Vilt Law, PC [PRO-SE] v. JPMorgan Chase Bank, N.A.[GT LAW]
(4:22-cv-04217)
District Court, S.D. Texas, Snr Judge Sim Lake
DEC. 6, 2022 | REPUBLISHED BY LIT: DEC 10, 2022
EMERGENCY MOTION OF DEFENDANT TO DISSOLVE EX PARTE TEMPORARY RESTRAINING ORDER
Pursuant to Federal Rule of Civil Procedure 65, Defendant JPMorgan Chase Bank, N.A. (“Chase”) moves for an emergency order to dissolve the ex parte Temporary Restraining Order (“Ex Parte TRO,” ECF No. 6) entered by the Court without notice on December 8, 2022, and states as follows:
I. INTRODUCTION
This lawsuit is based on a fiction.
Plaintiff is a law firm and purported escrow agent that claims it never received a $25,000,000 wire transfer allegedly sent to Chase from a Swiss bank.
But this money never went to Chase, and Plaintiff appears to be the victim of a scam.
Without notice to Chase of its Complaint or its request for a TRO—or even trying to notify Chase—Plaintiff obtained the Ex Parte TRO, which ostensibly requires Chase to deposit $25,000,000 in the Court’s registry within three business days.
Respectfully, this was procedurally improper, and compliance with the Ex Parte TRO is impossible.
The Ex Parte TRO is procedurally improper because Plaintiff failed to follow Rule 65(b)’s strict requirements to obtain a no-notice temporary restraining order.
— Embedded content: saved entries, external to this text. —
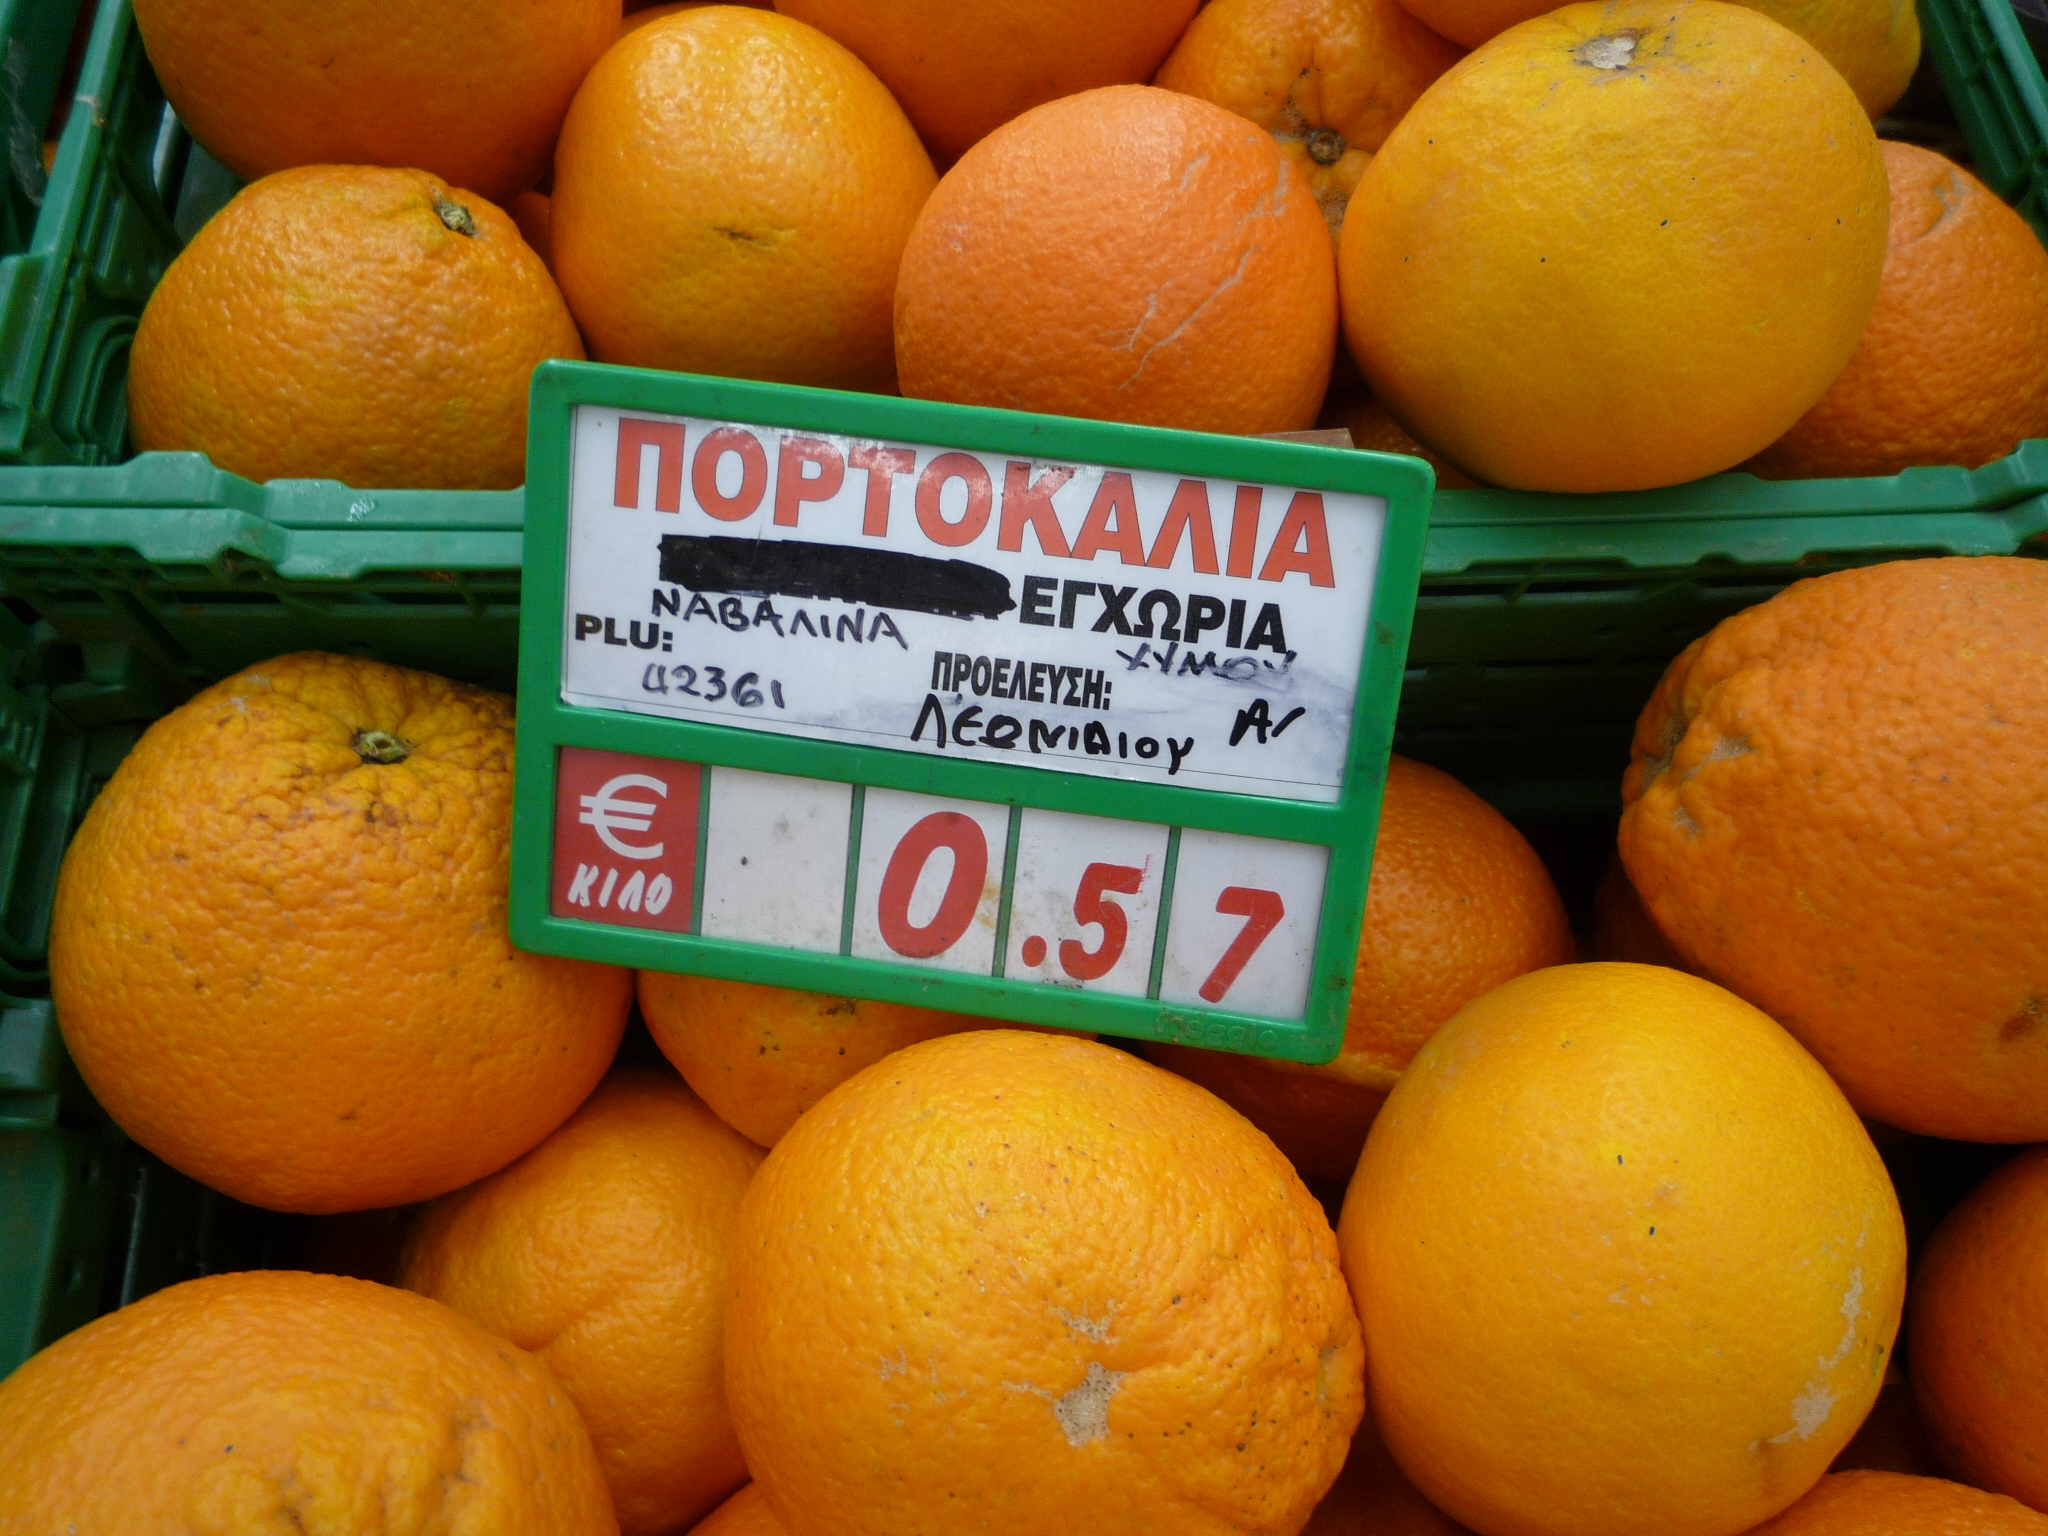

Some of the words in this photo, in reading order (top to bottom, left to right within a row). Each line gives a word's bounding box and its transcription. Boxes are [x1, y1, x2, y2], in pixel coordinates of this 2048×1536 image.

[614, 417, 1336, 588] ΠΟΡΤΟΚΑΛΙΑ
[574, 613, 674, 653] PLU:
[651, 588, 909, 651] ΝΑΒΑΛΙΝΑ
[1019, 574, 1288, 655] ΕΓΧΩΡΙΑ
[641, 662, 786, 708] 42361
[931, 650, 1113, 710] ΠΡΟΕΛΕΥΣΗ:
[579, 773, 668, 860] €
[567, 862, 673, 915] ΚΙΛΟ
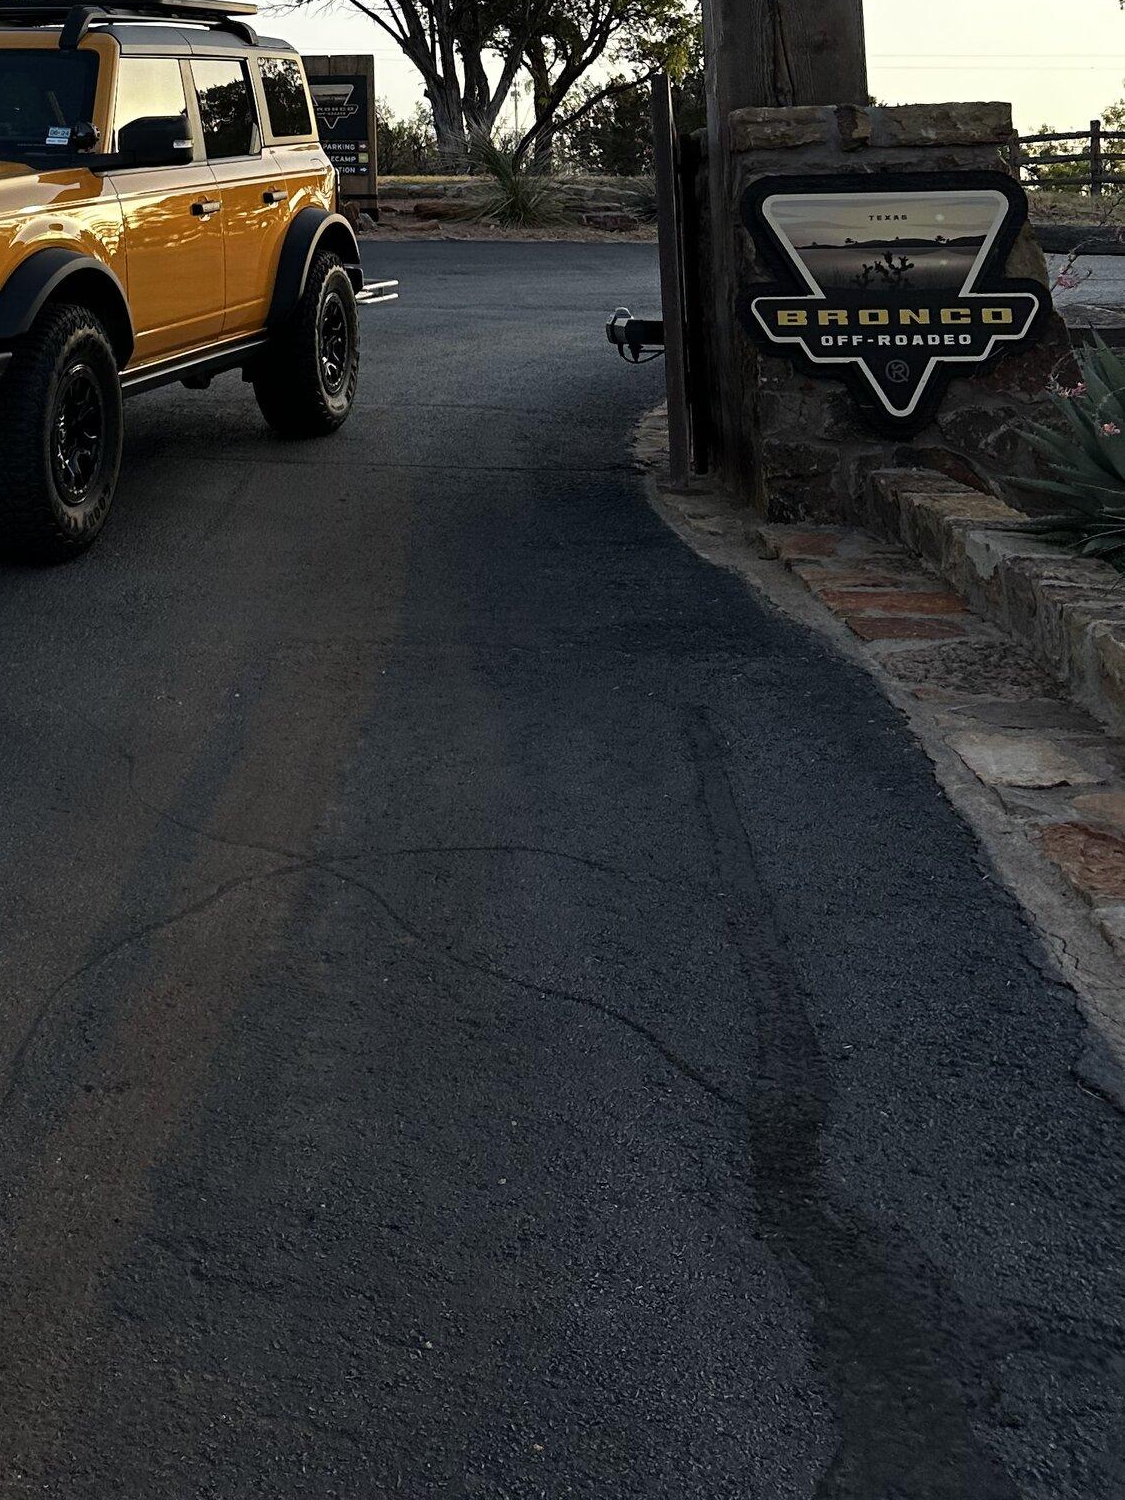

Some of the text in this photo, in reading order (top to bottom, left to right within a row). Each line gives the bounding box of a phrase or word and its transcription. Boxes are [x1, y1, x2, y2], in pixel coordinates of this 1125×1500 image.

Plaintiff sought and obtained the Ex Parte TRO without providing Chase with any notice or certifying in writing Plaintiff’s efforts to provide notice and the reasons why notice could not be provided.
This failure is prejudicial to Chase.
Had Chase been given an opportunity to be heard before injunctive relief was entered,
Chase would have shown the Court that Chase has no record of receiving this wire transfer.1
See Ex. A, Declaration of Ana M. Sauceda.
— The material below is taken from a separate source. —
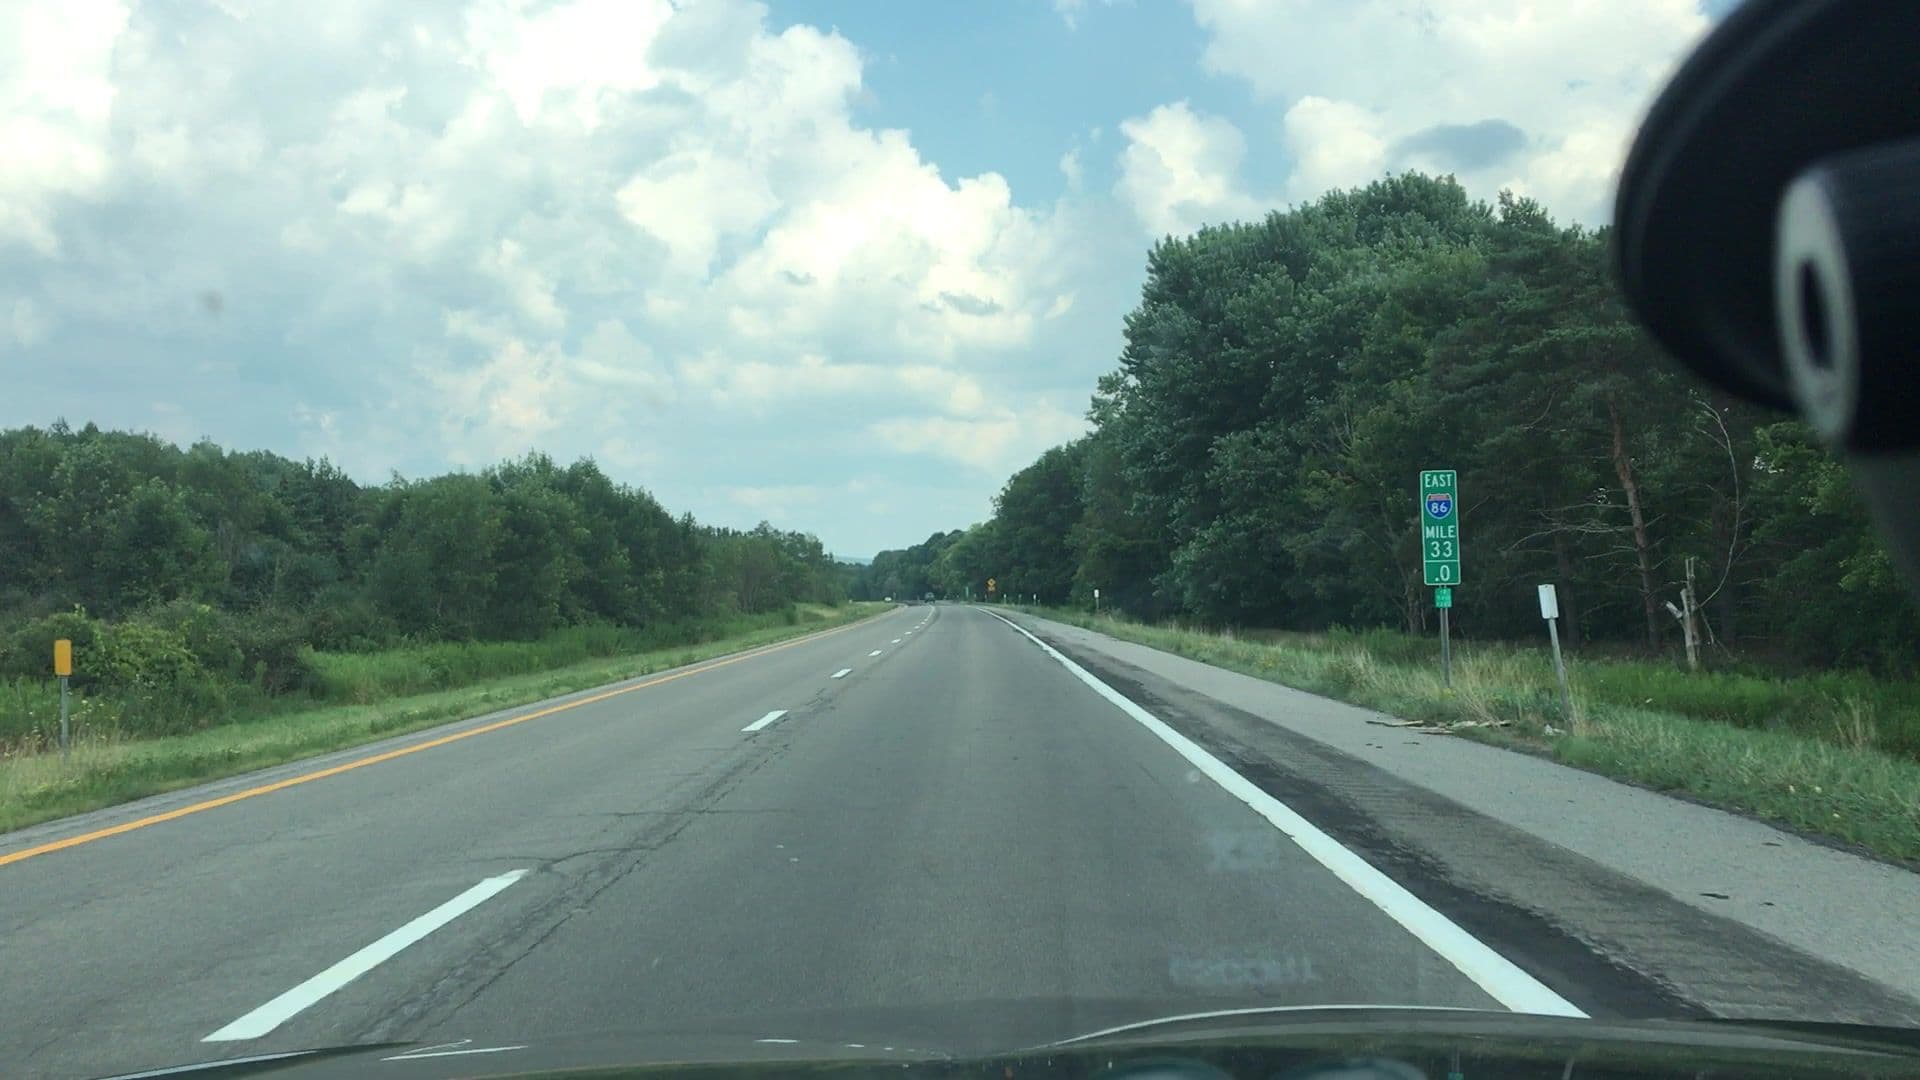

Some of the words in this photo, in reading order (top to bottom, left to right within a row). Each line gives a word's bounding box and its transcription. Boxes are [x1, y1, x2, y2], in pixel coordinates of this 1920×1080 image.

[1425, 474, 1452, 488] EAST
[1431, 502, 1448, 514] 86
[1426, 525, 1456, 539] MILE
[1431, 541, 1452, 558] 33
The “Funds” that Plaintiff seeks to enjoin and compel, now the subject of an affirmative injunction order, are not and have never been in Chase’s possession.
Based on Chase’s initial and ongoing investigation, this wire transfer never happened.
Because of this, Plaintiff cannot carry its substantive burden to obtain injunctive relief.
The wire transfer, along with the documents purporting to evidence the wire on which Plaintiff relied and submitted to the Court, appear to have been fabricated.
The Ex Parte TRO thus commands Chase to deposit money that it does not have, and Chase cannot comply with the Ex Parte TRO.
As a result, Plaintiff’s request for injunctive relief is not a request to protect a specific piece of property from immediate loss, but a demand for $25,000,000 from Chase’s coffers.
Thus, Plaintiff cannot succeed on the merits, Plaintiff cannot face a substantial threat of irreparable harm if this injunction is not granted, the harm to Chase from the injunction—ordering Chase to deposit $25,000,000 of its own money—will outweigh Plaintiff’s purported harm, and the injunction would disserve the public interest by entering this injunction.
The Court should dissolve the Ex Parte TRO under Rule 65(b)(4) and, at minimum, set a hearing to allow Chase to be heard before any preliminary injunctive relief is awarded.
II. BACKGROUND
On December 6, 2022, Plaintiff filed its Original Complaint (“Complaint,” ECF No. 1). Plaintiff claims it is an escrow agent for a real estate project. Compl. ¶ 5. Plaintiff contends that,
1 Because of the emergency nature of this relief, Chase has provided initially an affidavit of the Branch Manager of Plaintiff’s accounts referenced in the Complaint, but it can and will provide additional support to the Court.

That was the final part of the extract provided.